___ Dataset

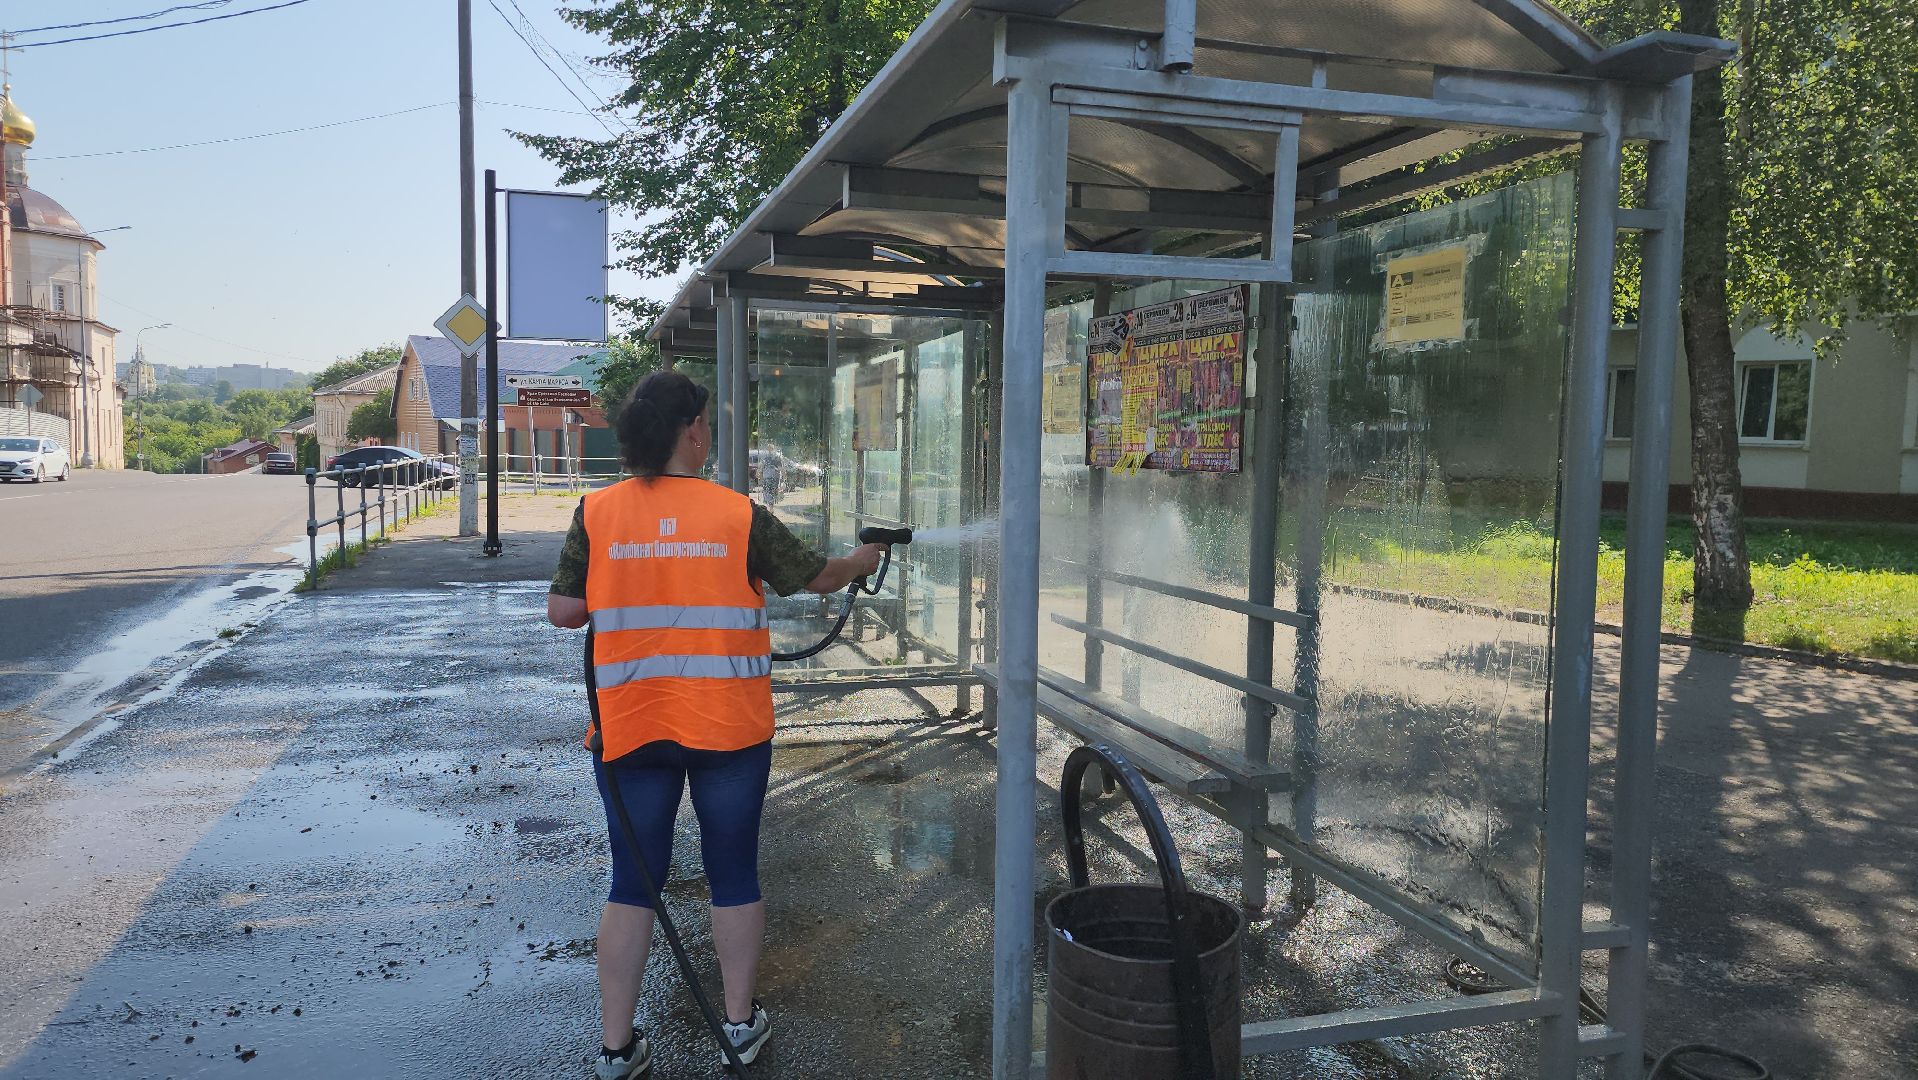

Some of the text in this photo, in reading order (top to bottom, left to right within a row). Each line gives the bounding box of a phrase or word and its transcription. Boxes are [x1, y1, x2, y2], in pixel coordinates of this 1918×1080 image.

[1139, 341, 1179, 362] ЦИРК
[1190, 332, 1236, 357] ЦИРК
[528, 377, 546, 385] КАРЛА
[547, 378, 569, 386] МАРКСА
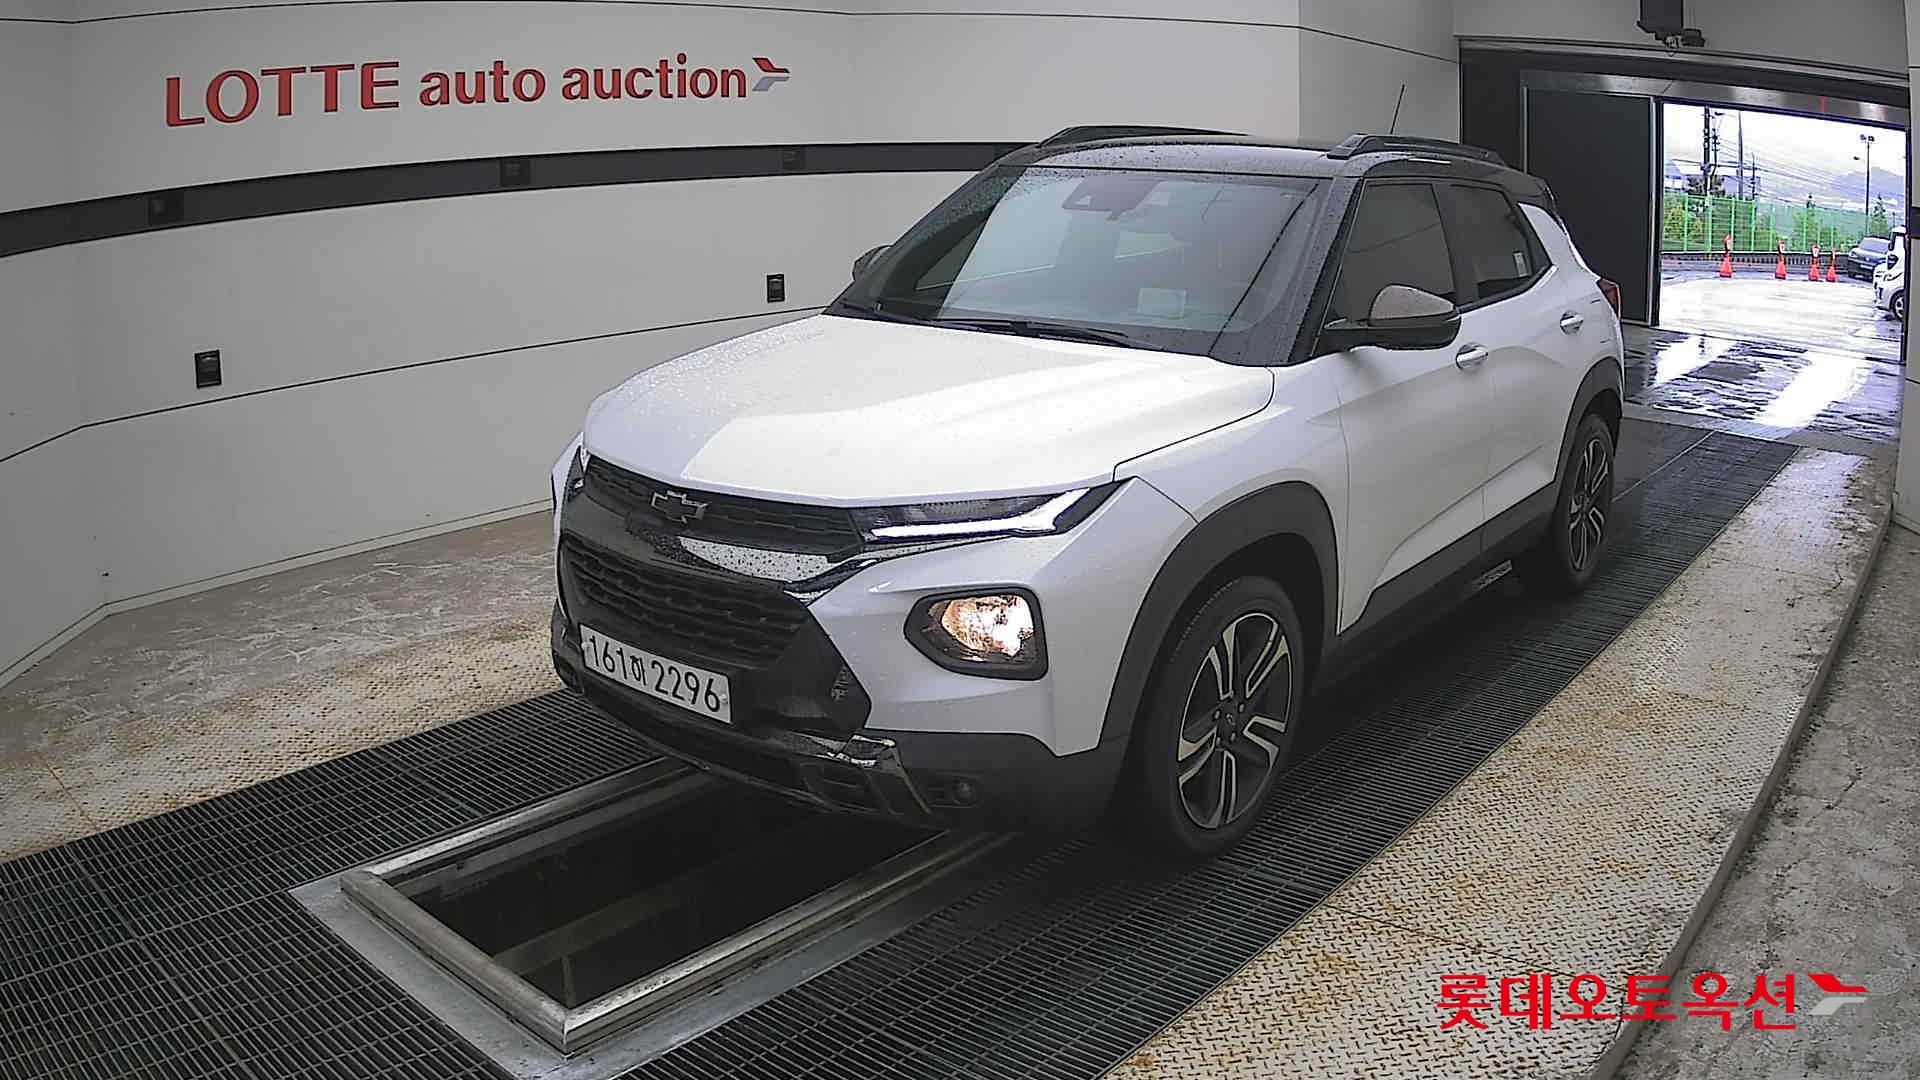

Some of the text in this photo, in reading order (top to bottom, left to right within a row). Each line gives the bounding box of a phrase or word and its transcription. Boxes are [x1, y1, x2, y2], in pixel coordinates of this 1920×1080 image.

[165, 53, 747, 127] LOTTE auto auction
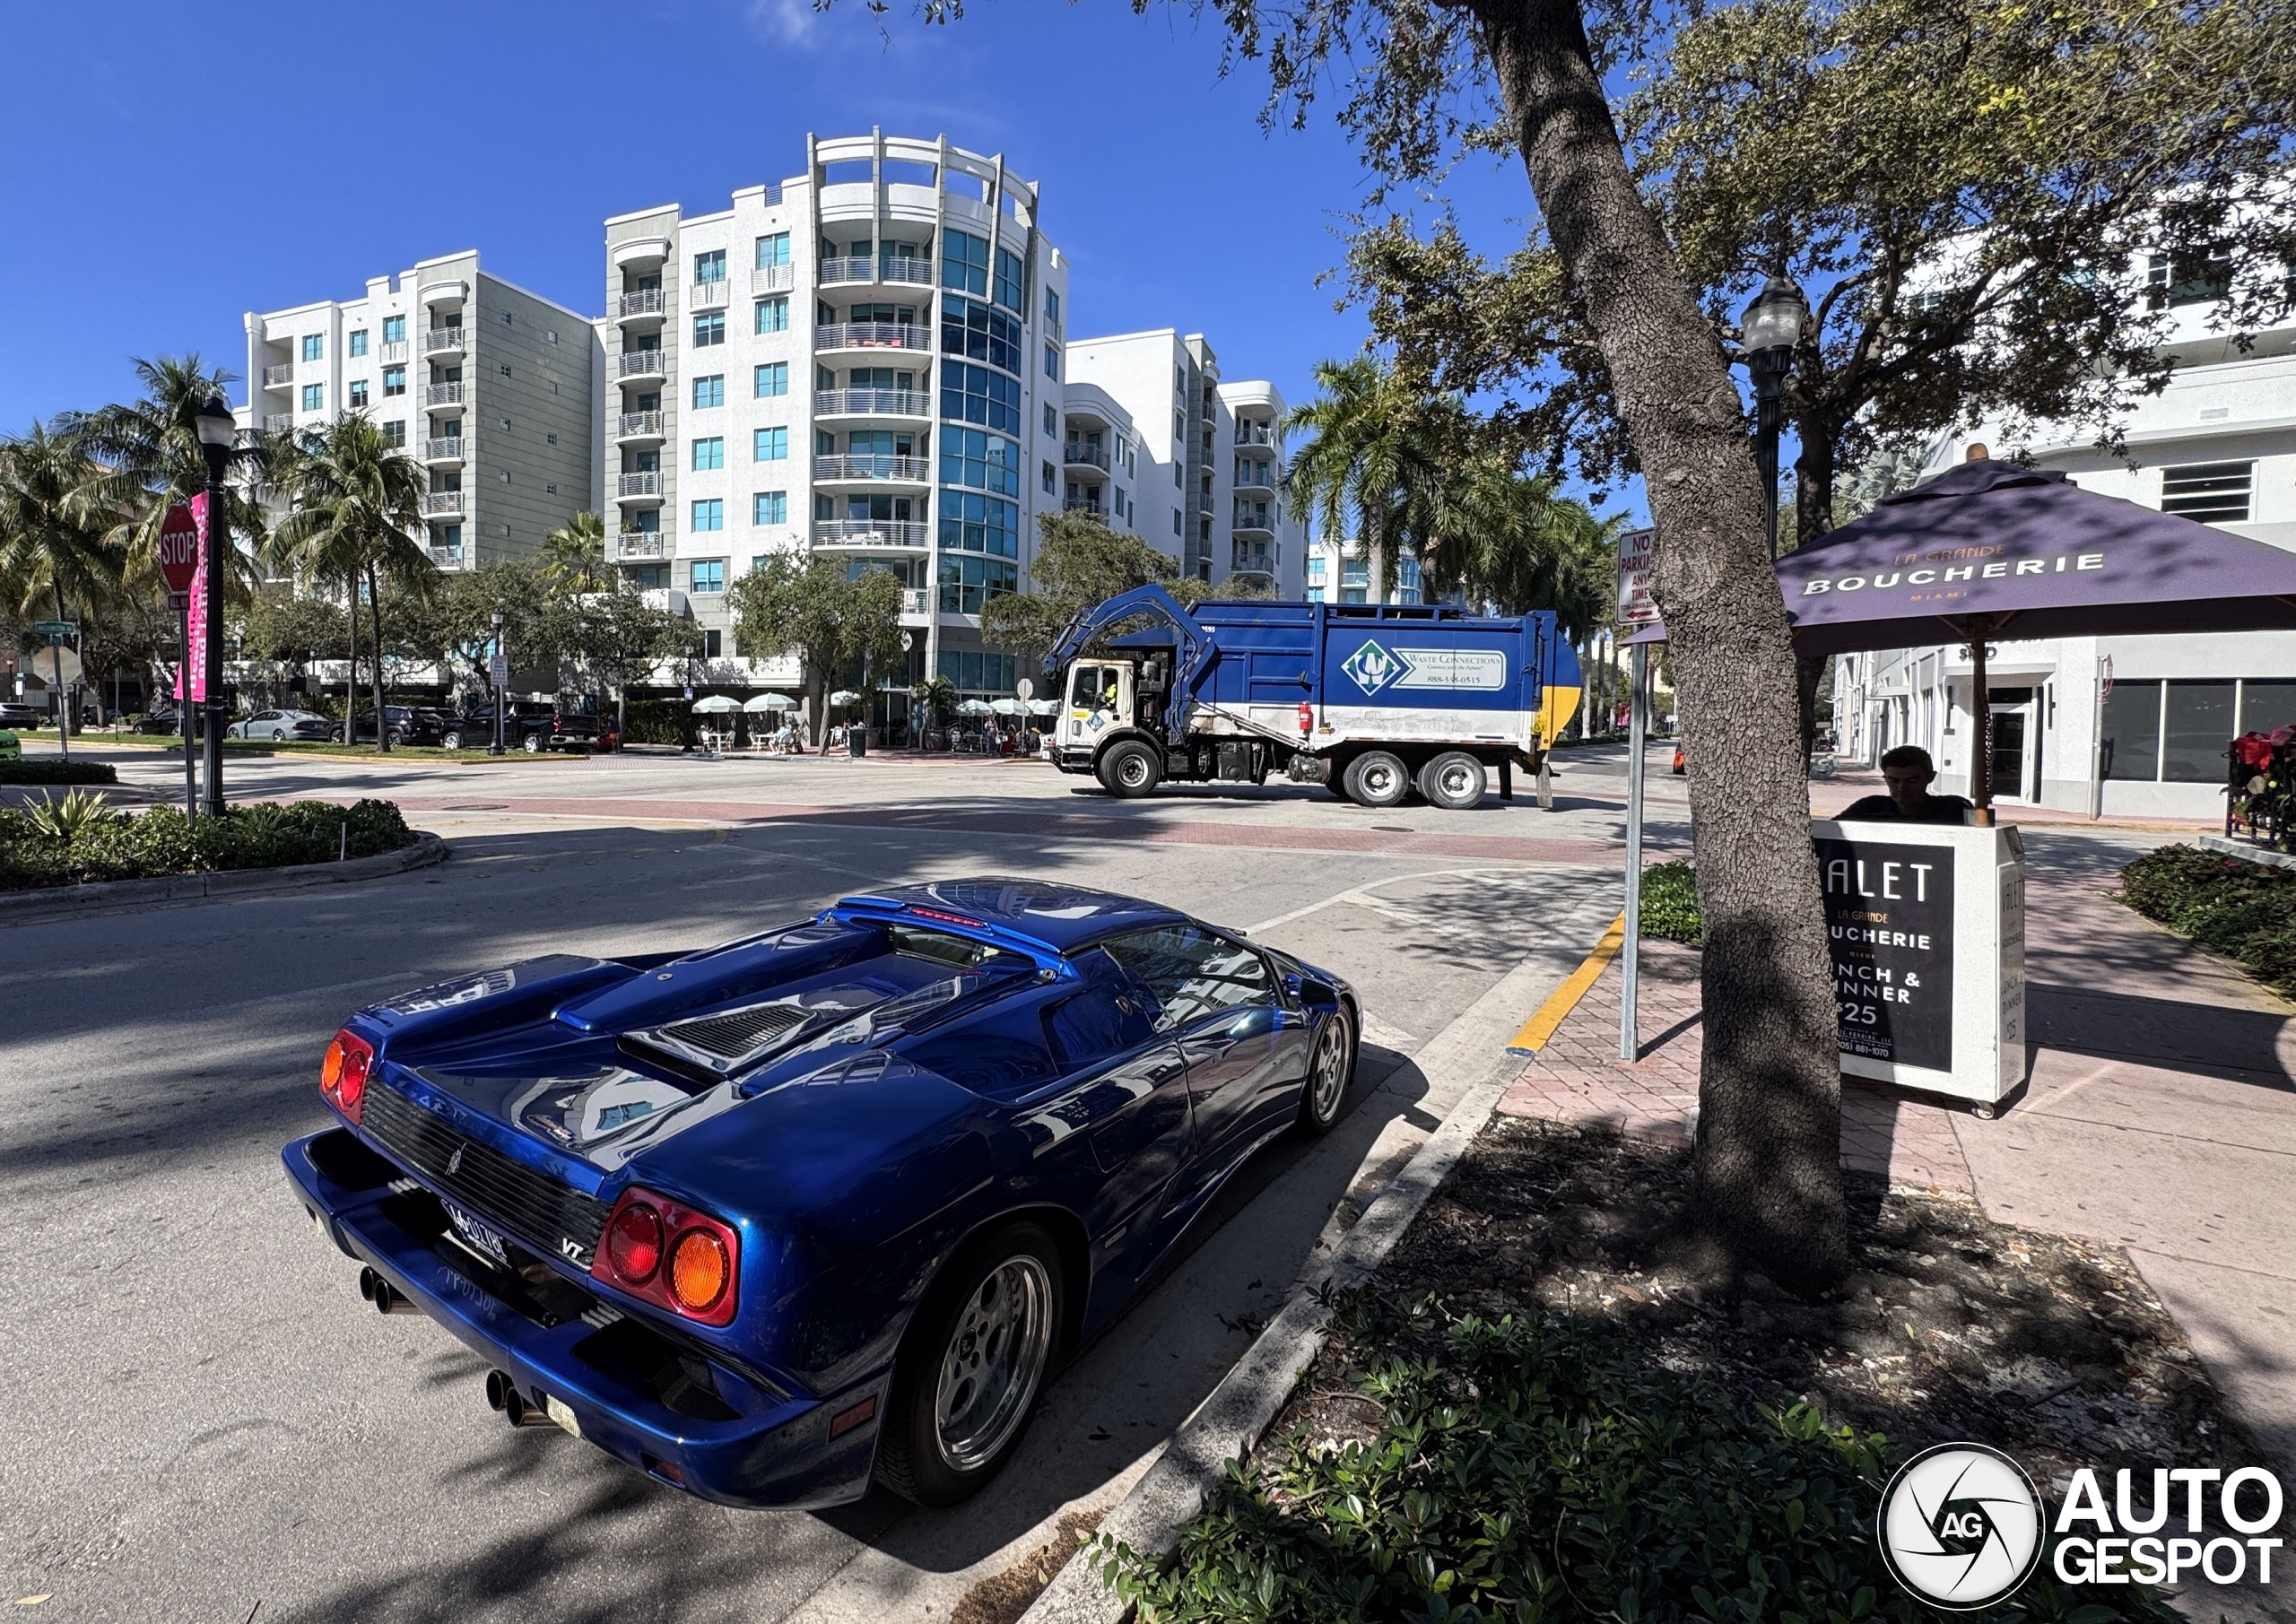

______

# [What you need to do]
Leaving the pictures out, give back each line above exactly.

# [Output for this exercise]
Some of the text in this photo, in reading order (top to bottom, left to right within a row). Each line gives the bounding box of a phrase or word and its transcription. Boxes are [x1, y1, x2, y2], in pixel coordinates of this 1918×1080 image.

[1139, 341, 1179, 362] ЦИРК
[1190, 332, 1236, 357] ЦИРК
[528, 377, 546, 385] КАРЛА
[547, 378, 569, 386] МАРКСА

Some of the text in this photo, in reading order (top to bottom, left to right within a row). Each line gives the bounding box of a phrase or word and its transcription. Boxes are [x1, y1, x2, y2], in pixel coordinates of this 1920×1080 image.

[165, 53, 747, 127] LOTTE auto auction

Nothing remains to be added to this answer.